### [Problem to solve]
Images are to be left out; everything else in the listing should be repeated exactly.
+ + + +
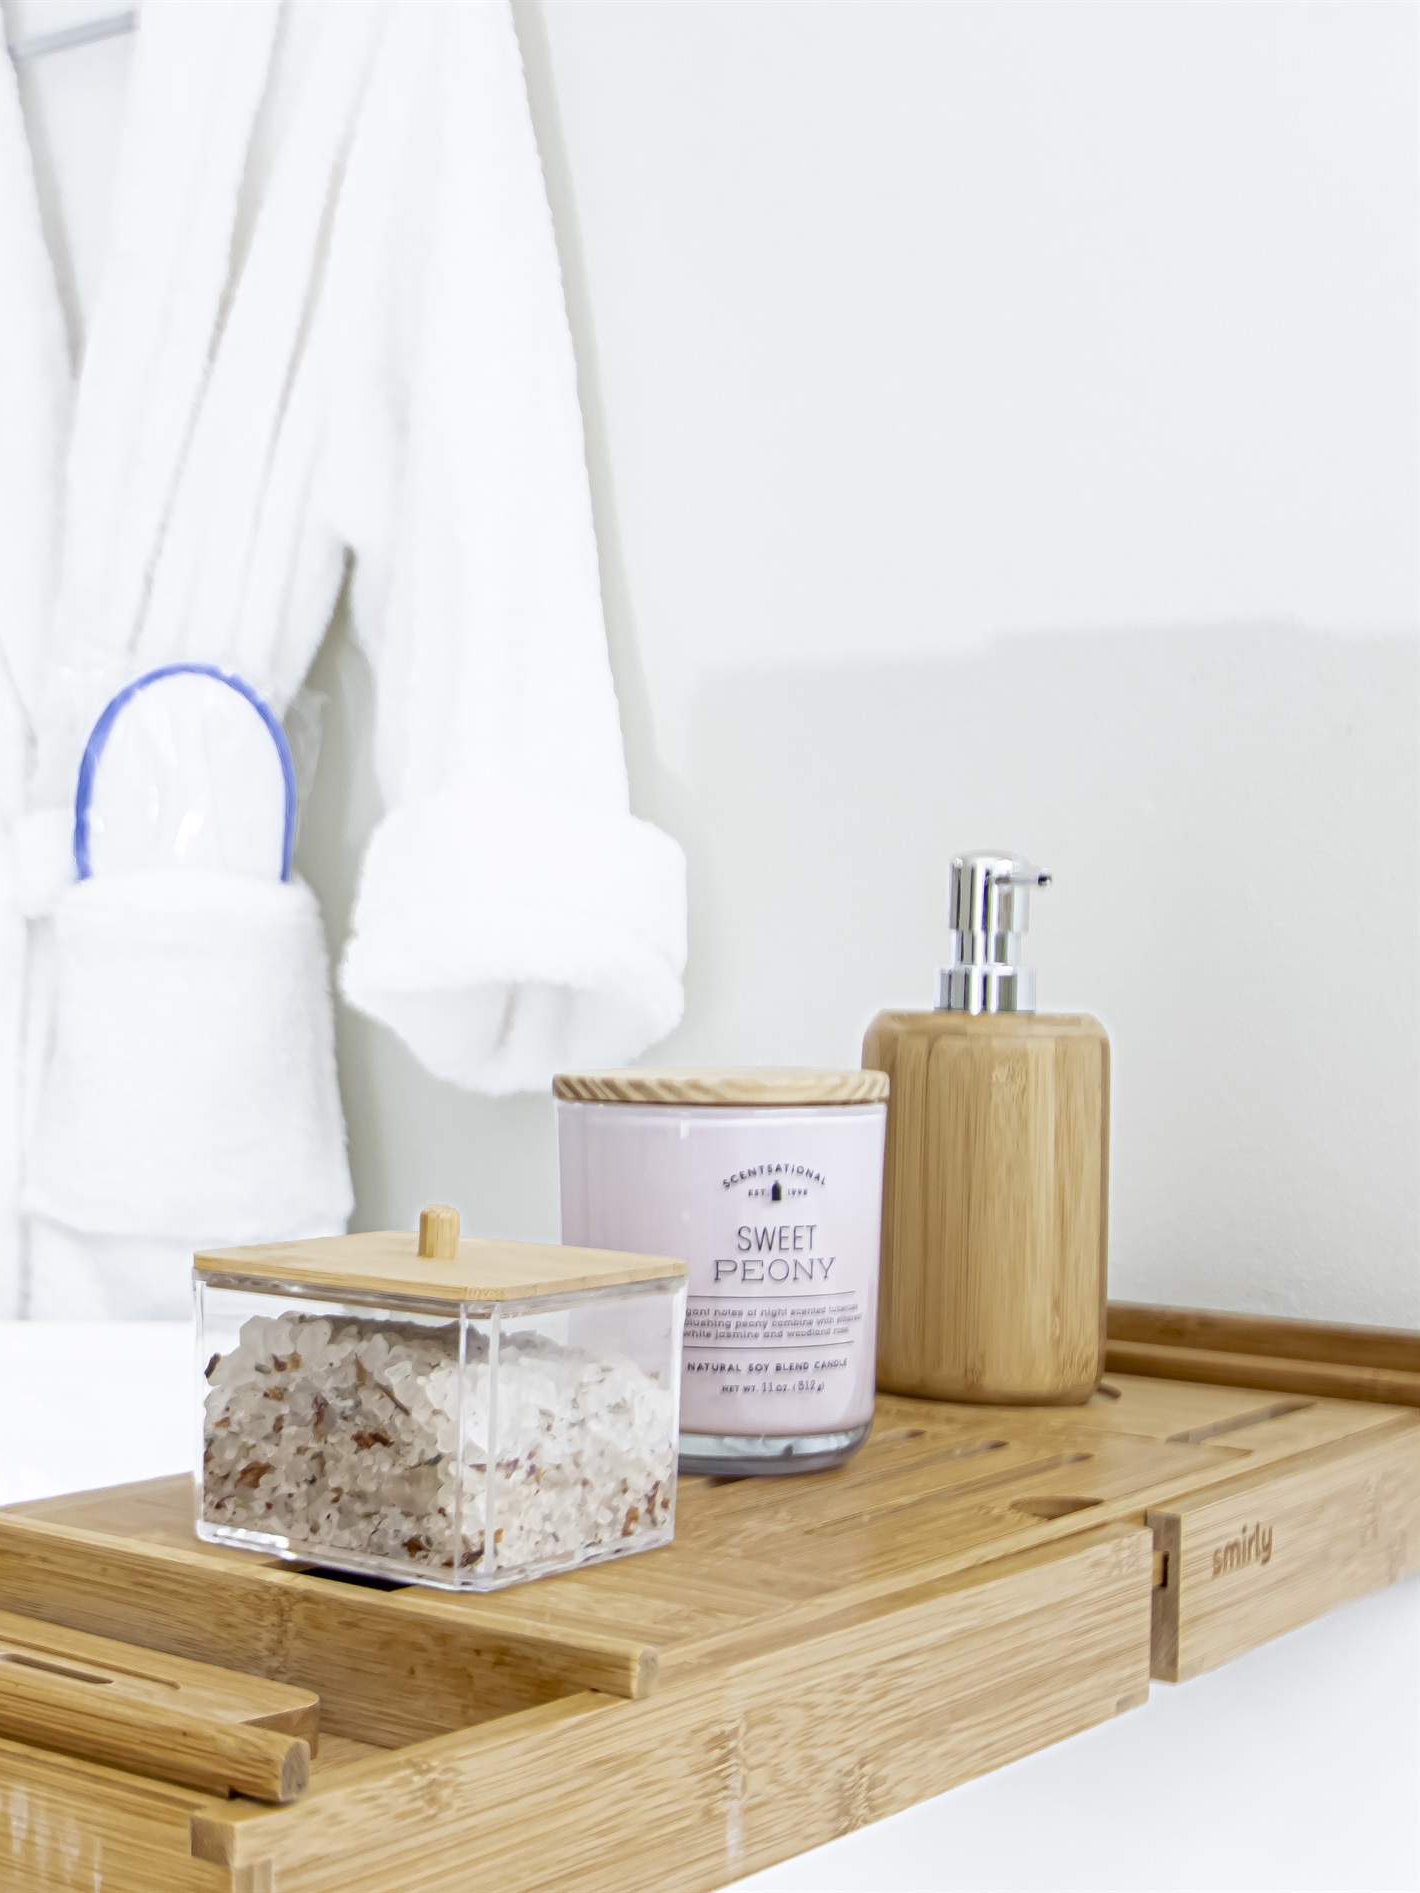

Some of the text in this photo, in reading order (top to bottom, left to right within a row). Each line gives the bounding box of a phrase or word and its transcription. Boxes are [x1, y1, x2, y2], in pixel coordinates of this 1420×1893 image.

[722, 1163, 826, 1190] SCENTSATIONAL
[737, 1224, 818, 1252] SWEET
[713, 1256, 836, 1283] PEONY
[686, 1308, 710, 1317] gant
[714, 1308, 744, 1316] notes
[747, 1308, 757, 1316] of
[760, 1307, 787, 1318] night
[790, 1305, 826, 1316] scented
[735, 1320, 768, 1330] peony
[771, 1318, 813, 1327] combine
[816, 1317, 835, 1325] with
[683, 1329, 712, 1338] white
[715, 1329, 760, 1340] jasmine
[763, 1330, 784, 1338] and
[787, 1327, 832, 1337] woodland
[687, 1357, 848, 1373] NATURAL SOY BLEND CANDLE
[722, 1384, 740, 1393] NET
[1212, 1521, 1273, 1578] smirly
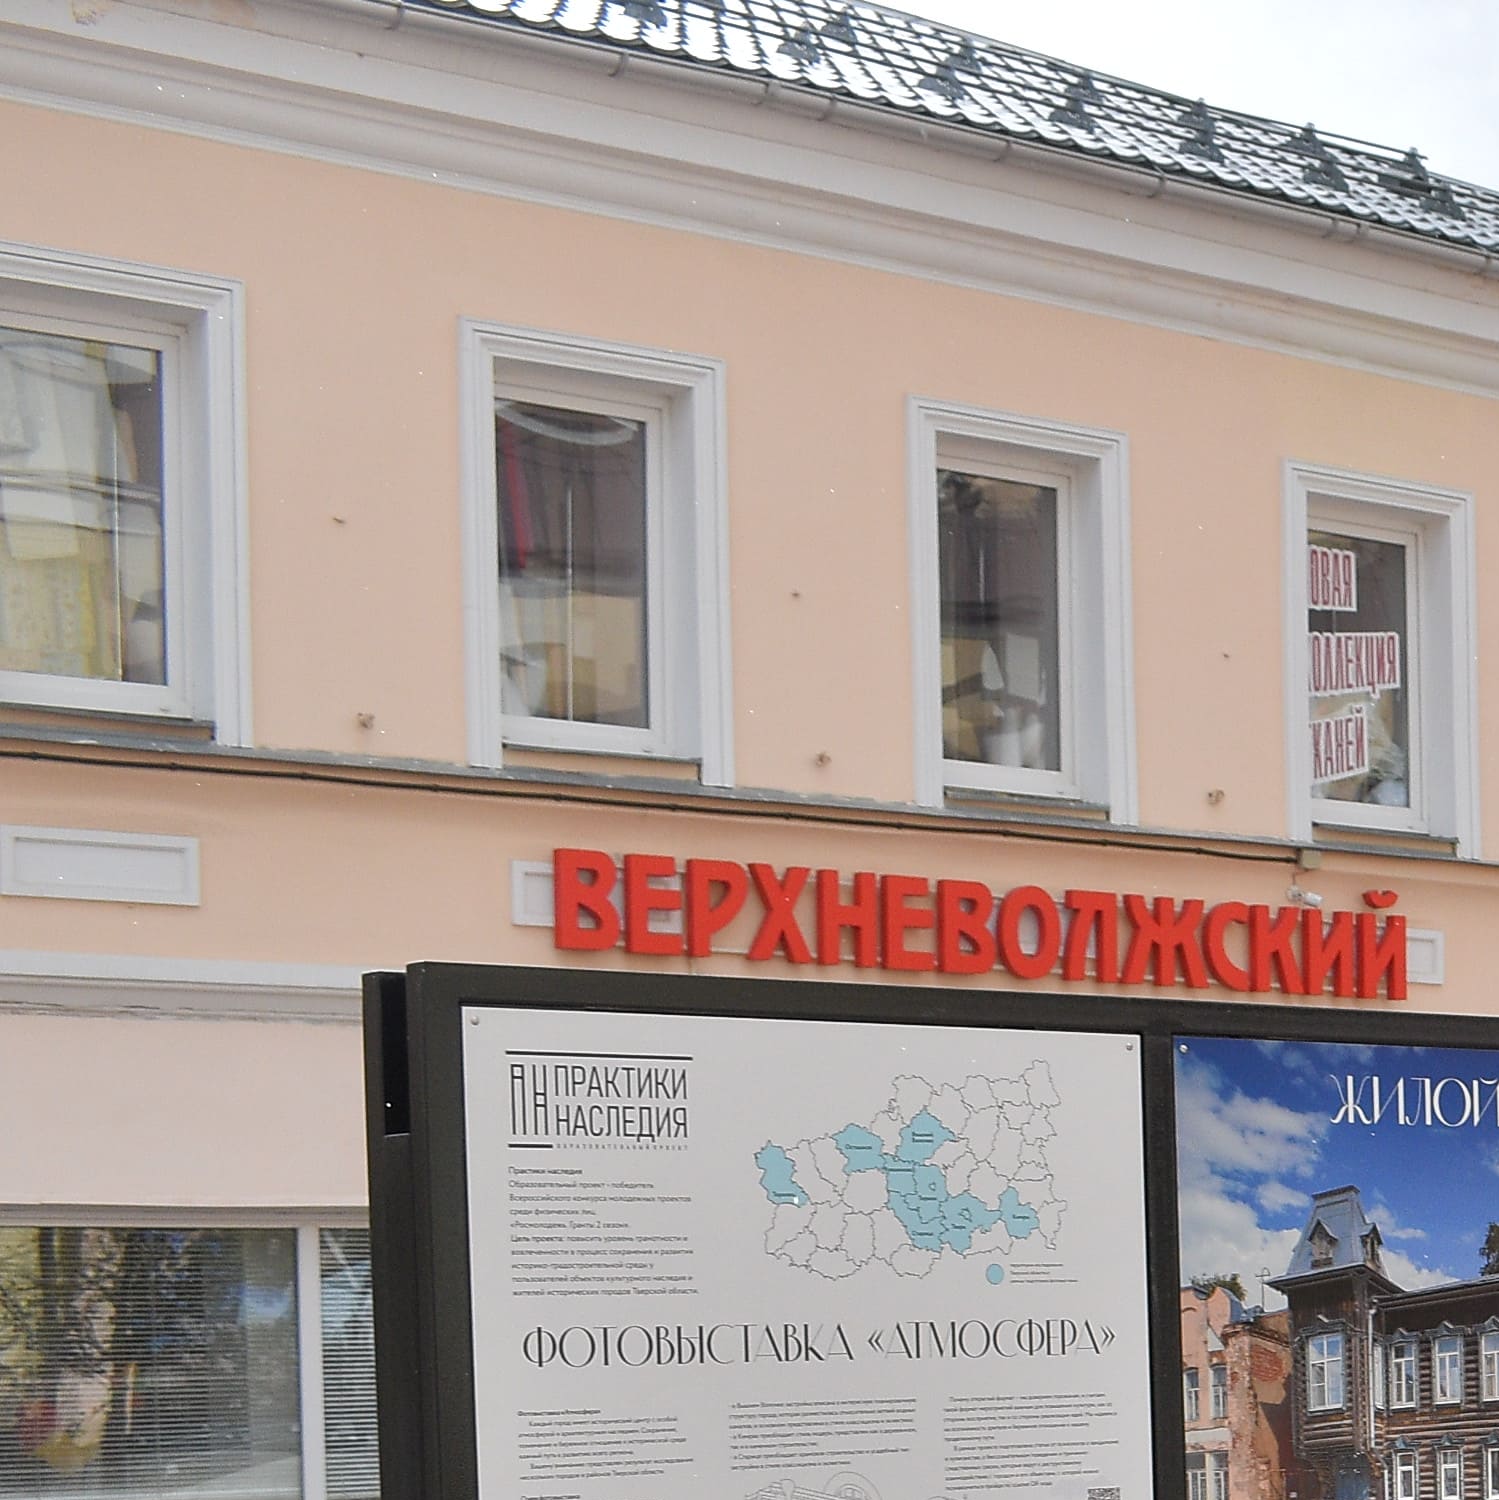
+ + + +
### [Answer section]
Some of the text in this photo, in reading order (top to bottom, left to right within a row). Each line gives the bounding box of a phrase or word and its transcription. Boxes are [x1, y1, x2, y2], in pixel coordinates of this 1420×1893 image.

[722, 1163, 826, 1190] SCENTSATIONAL
[737, 1224, 818, 1252] SWEET
[713, 1256, 836, 1283] PEONY
[686, 1308, 710, 1317] gant
[714, 1308, 744, 1316] notes
[747, 1308, 757, 1316] of
[760, 1307, 787, 1318] night
[790, 1305, 826, 1316] scented
[735, 1320, 768, 1330] peony
[771, 1318, 813, 1327] combine
[816, 1317, 835, 1325] with
[683, 1329, 712, 1338] white
[715, 1329, 760, 1340] jasmine
[763, 1330, 784, 1338] and
[787, 1327, 832, 1337] woodland
[687, 1357, 848, 1373] NATURAL SOY BLEND CANDLE
[722, 1384, 740, 1393] NET
[1212, 1521, 1273, 1578] smirly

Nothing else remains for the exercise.